The other (and under the UGLE presently the only) Judaeo-Christian sacred word is used in Gnostic belief systems to represent the same unifying and unitising principle of the One True Light.

The allegory of the Royal Arch degree is therefore the inner discovery of that which was lost previously. The goal of restoration and reintegration is predicated by the concept of the Fall of Man from grace, the loss of synergy with the One and the undoing of his spirit which must be counteracted by own internal search for the truth within us.

One common doctrine of eschatology states that in the End all will come back to the Beginning. Reintegration will restore that which is lost.

The Masonic and Royal Arch allegory tell us that the genuine secrets of the Master Builder were lost by the untimely death of Hiram Abiff, and that in the Royal Arch we will rediscover the genuine secret, or more specifically, the name of God.

The Royal Arch can thus be seen as the discovery, deep within each of us, of the One True Light; that Consciousness can be found within ourselves through our labour.

Job 19:26 says ‘in my flesh I shall see God’. The candidate becomes the apotheosis of mankind, discovering the Divine within and restoring himself to his original state.
In the Royal Arch story, the three Sojourners belong to a tribe that fell from grace; the captivity in Babylon shows a parallel to the fall of Adam Kadmon, from freedom and liberty in light to enslavement and darkness in servitude.

In the Royal Arch degree, the sojourners regain their former status; namely through their discovery they experience Reintegration.

In Haggai 2:3-9 the Lord asks of the Jews who had seen this house (of God) in its former glory, and how it seems now as nothing.

But that the glory to come will eclipse the former. The whole of Haggai may be viewed as a metaphor for the fall of Man and the prophecy of Reintegration into Unity.

In the traditional Scottish version of the Royal Arch, the arch is depicted as being supported by two pillars, united by the keystone of the Mark Master Mason degree and subsequently constructed during the Most Excellent Master degree.

These pillars not only represent those described in Craft masonry, but also the two opposing pillars of kabbalistic dualism.

God found within is further symbolised by the figure of a point within a circle, bounded by two parallel lines; the point of Unity within the whole of Existence, and the One True Religion within the sphere encompassing all forms of worship, juxtaposed by the two lines representing the antagonistic forms of nature and the dualism of opposites.

The Point within a Circle is the Unity Principle within the centre of Eternity and represents Reintegration.

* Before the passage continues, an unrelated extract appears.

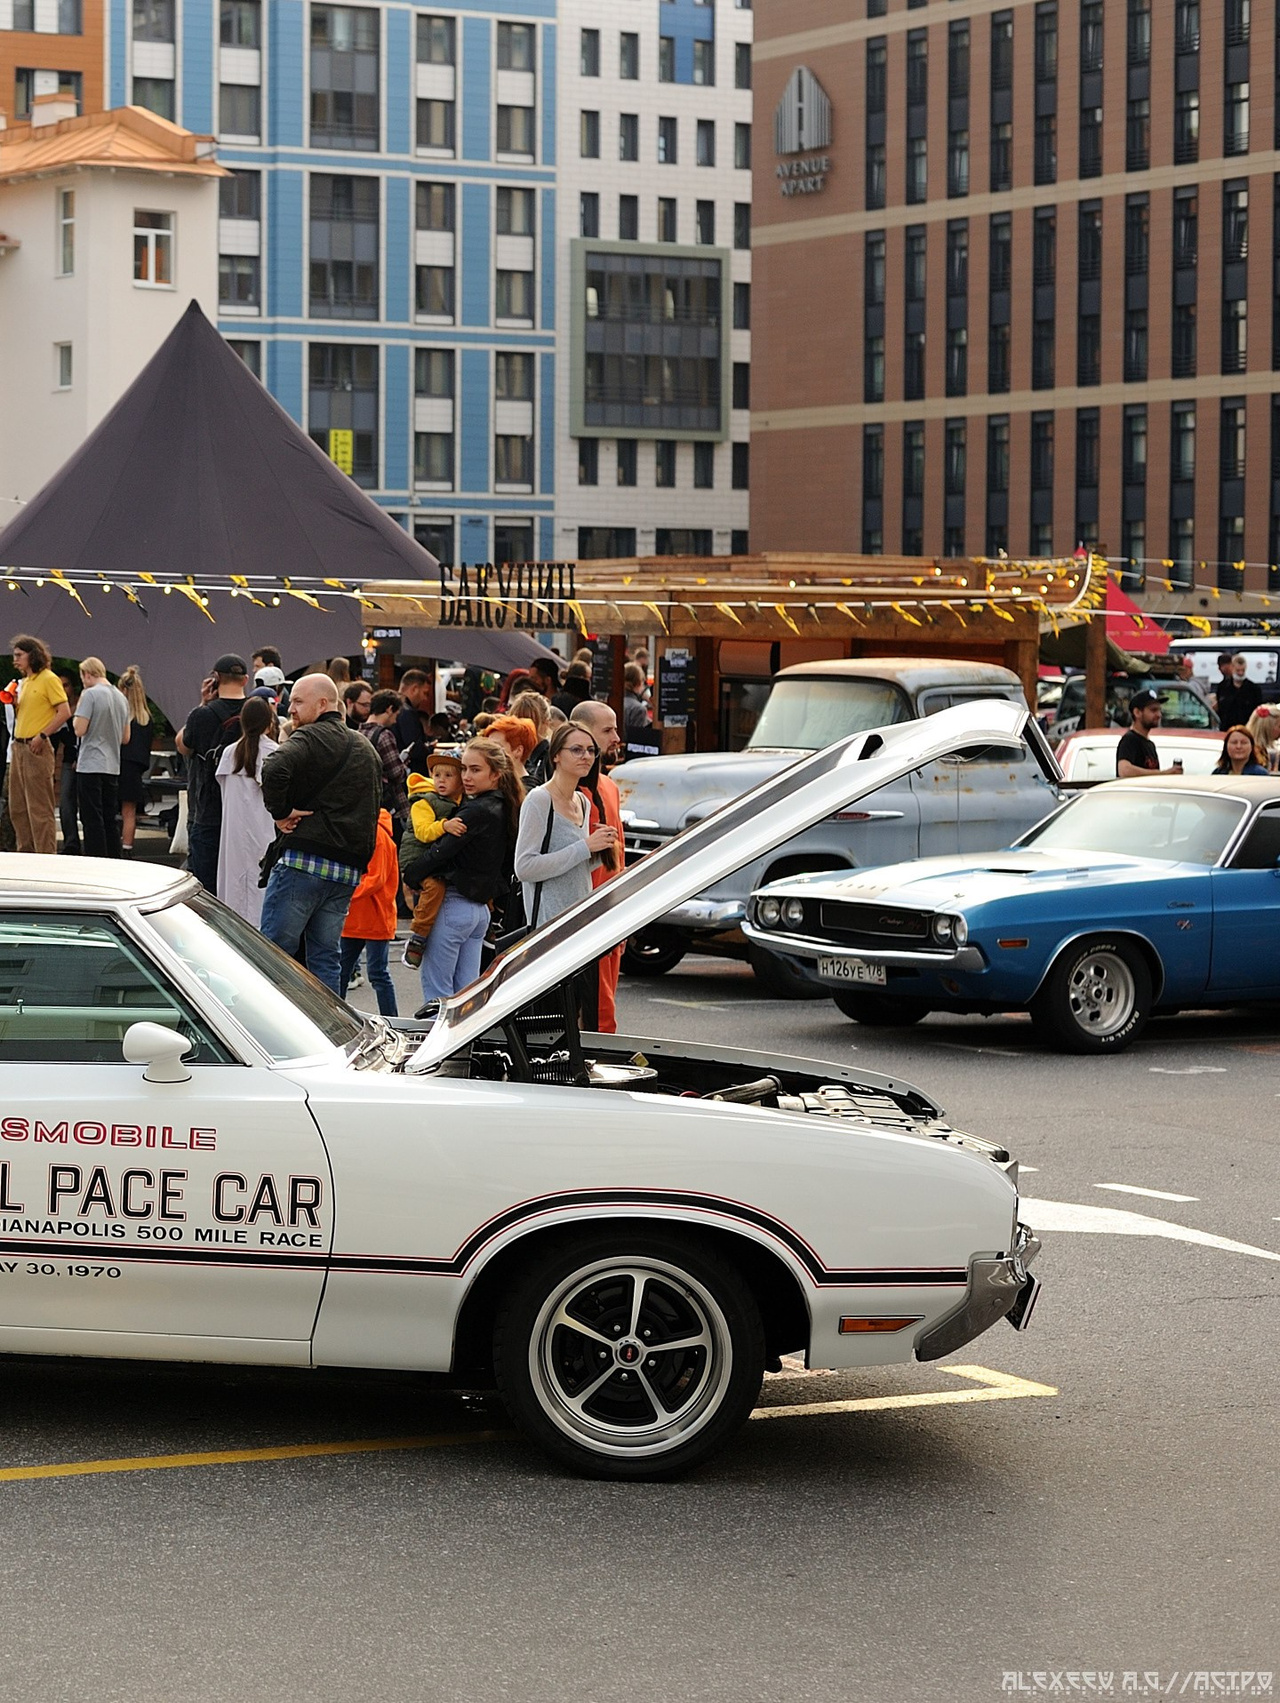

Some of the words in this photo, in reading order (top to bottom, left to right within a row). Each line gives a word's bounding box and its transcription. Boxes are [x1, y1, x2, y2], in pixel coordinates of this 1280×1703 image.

As a minor diversion it is useful to acknowledge that this is a symbol of great antiquity, being first described by the cosmology of the Pythagorean philosopher Philolaus in the 5th century BCE as relating to the Limited (or point of focus) within the Limitless.

This was the first historically recorded non-geocentric view of the world, and Philolaus posited the existence of a central great fire or light around which everything harmonised.